AI-Assisted Software Development – The Cloudflight Take

Introduction

At the recent World Government Summit in Dubai, NVIDIA CEO Jensen Huang made the following statement: “It is our job to create computing technology such that nobody has to program. And that the programming language is human”.

We have put this to the test: A team of 70 Cloudflight engineers from 5 countries tested GitHub Copilot for one month throughout ~ 10 customer projects – huge thanks to them, to Microsoft and GitHub for providing invaluable insights and support, and to our involved customers who trust us with their software.

Additionally, we were able to challenge our own insights against the performance of 1040 participants in our very own Cloudflight Coding Contest on 19.04.2024: 299 of these reported not wanting any AI assistance, while 741 were open to its use. Disclaimer: The outcomes of our GitHub Copilot trial are based on subjective answers by our participating developers and architects. We decided against a long-term and more controlled study due to the following factors:

AI assistants update frequently
No project and no sprint are really the same
Team compositions change
Measuring significant impact on metrics such as story points per sprint or deployments to production per certain timeframe would require at least 3 – 6 months across multiple teams to have any real meaning

Our CCC results used for verification of the GitHub Copilot Trial assumptions are based on results by our participants during the coding contest.

Impact on productivity

We consider the outcomes of GitHub Copilot as being positive. If you go in with realistic expectations and with know-how about where and how the tool will most likely help you, we expect you to turn the use of GitHub Copilot into a net positive outcome – just like we did.

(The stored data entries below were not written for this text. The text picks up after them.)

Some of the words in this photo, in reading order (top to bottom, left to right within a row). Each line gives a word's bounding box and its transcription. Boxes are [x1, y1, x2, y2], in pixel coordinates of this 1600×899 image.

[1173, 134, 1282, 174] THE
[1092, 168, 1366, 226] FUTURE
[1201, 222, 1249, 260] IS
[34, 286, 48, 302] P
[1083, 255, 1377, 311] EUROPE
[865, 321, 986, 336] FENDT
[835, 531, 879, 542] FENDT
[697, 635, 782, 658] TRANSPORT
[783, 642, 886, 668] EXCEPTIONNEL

After one month our test participants did see GitHub Copilot as a valuable tool in their tool stack: They estimated saving around 40 minutes per day on average, which would equate to around 8% for a typical 8-hour workday. This sums up to around one and a half days each month. Looking at the overall range reveals two extremes: 10 of 70 participants estimated saving as much as one hour, got caught playing too much with AI and ended up losing around 1 hour of productive work on some days. We will review what we think are strengths and weaknesses of AI Assistants in more detail below.

Comparison with status quo

We also were interested in how often our colleagues interact with the AI, with the following outcomes:

An educated Cloudflight guess of how often the average developer consults documentation (3 – 5 times / day) and searches the web (5 – 10 times / day) reveals similar usage to our AI assistance access patterns. We can imagine searching the web in the traditional sense being replaced by interacting with AI in many cases. Frequence of misprediction, quoting of source material used to manually verify answers (like e.g. Phind and Kagi do) and having the most up to date documentation available will play a large role in winning the race here.

Further insights

Usage patterns show that our participants kept engaging with AI regularly, not highlighting any concerning trends, with only 8 out of 50 answers reducing their use of AI during the trial period.

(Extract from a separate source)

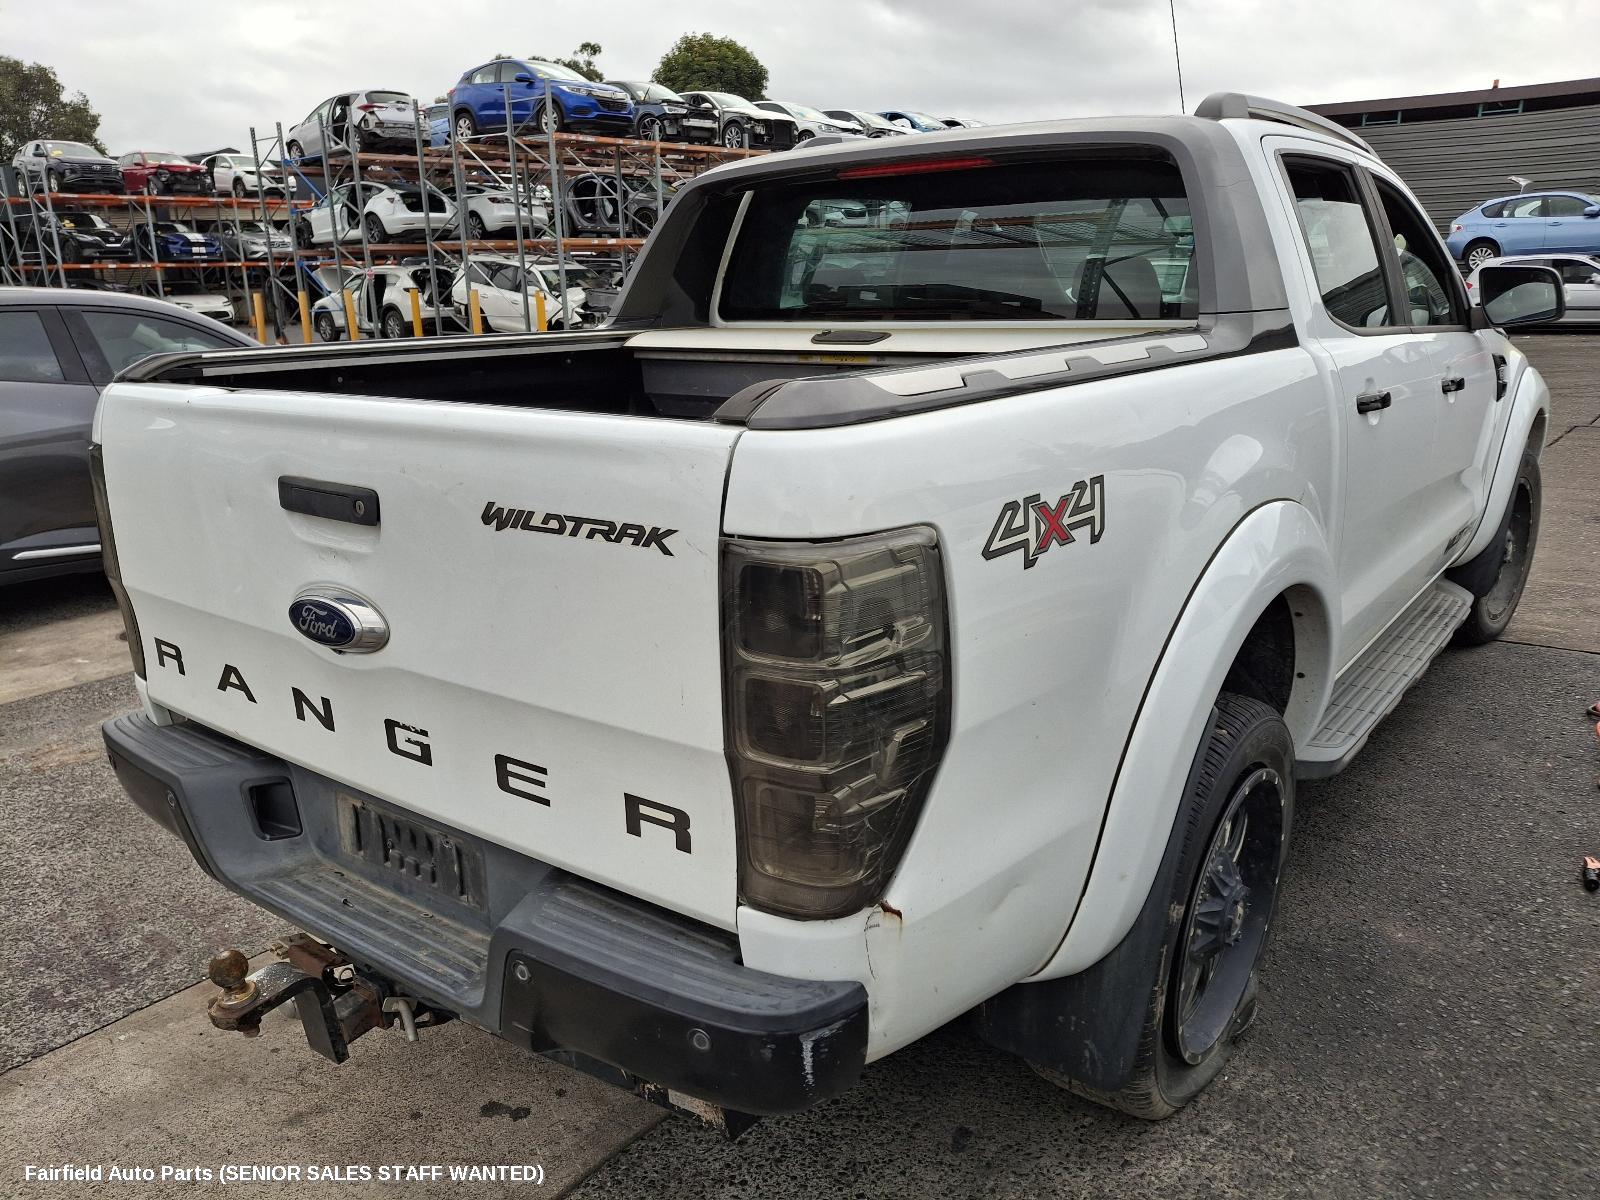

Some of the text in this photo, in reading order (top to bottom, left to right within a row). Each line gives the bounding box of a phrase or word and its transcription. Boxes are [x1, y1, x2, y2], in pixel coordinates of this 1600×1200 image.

More than half of participants also expect usefulness of AI tooling to increase as they get more familiar with it:

Strengths and Weaknesses

Overall, we found that GitHub Copilot helped us in seven distinct areas, we had mixed feelings in two other areas, while we found it lacking in three areas.

Everyday Companion

Generation of Documentation

Our AI assistants being language models, it should not be a surprise that they are considered helpful in these areas. Paired with the fact that quite some engineers perceivably dislike writing documentation and that documentation tends to get outdated easily and should be frequently updated, this is a major win scenario. While reviewing the outcomes is a must with about every LLM-generated product, the generated texts and ability to provide documentation on multiple levels of abstraction blazingly fast outweigh that manual time investment.

Generation of Tests

Both scaffolding of tests and creation of additional testcases are quite repetitive tasks where GitHub Copilot will help you greatly. By including eventual test setup classes and other already existing test classes in your LLM context, you will achieve a certain level of consistency across test classes. Beware: You cannot rely on the LLM catching all reasonable test cases for you, or generating perfect test data. Some parts will need to be adapted or crafted by hand and always thought through thoroughly.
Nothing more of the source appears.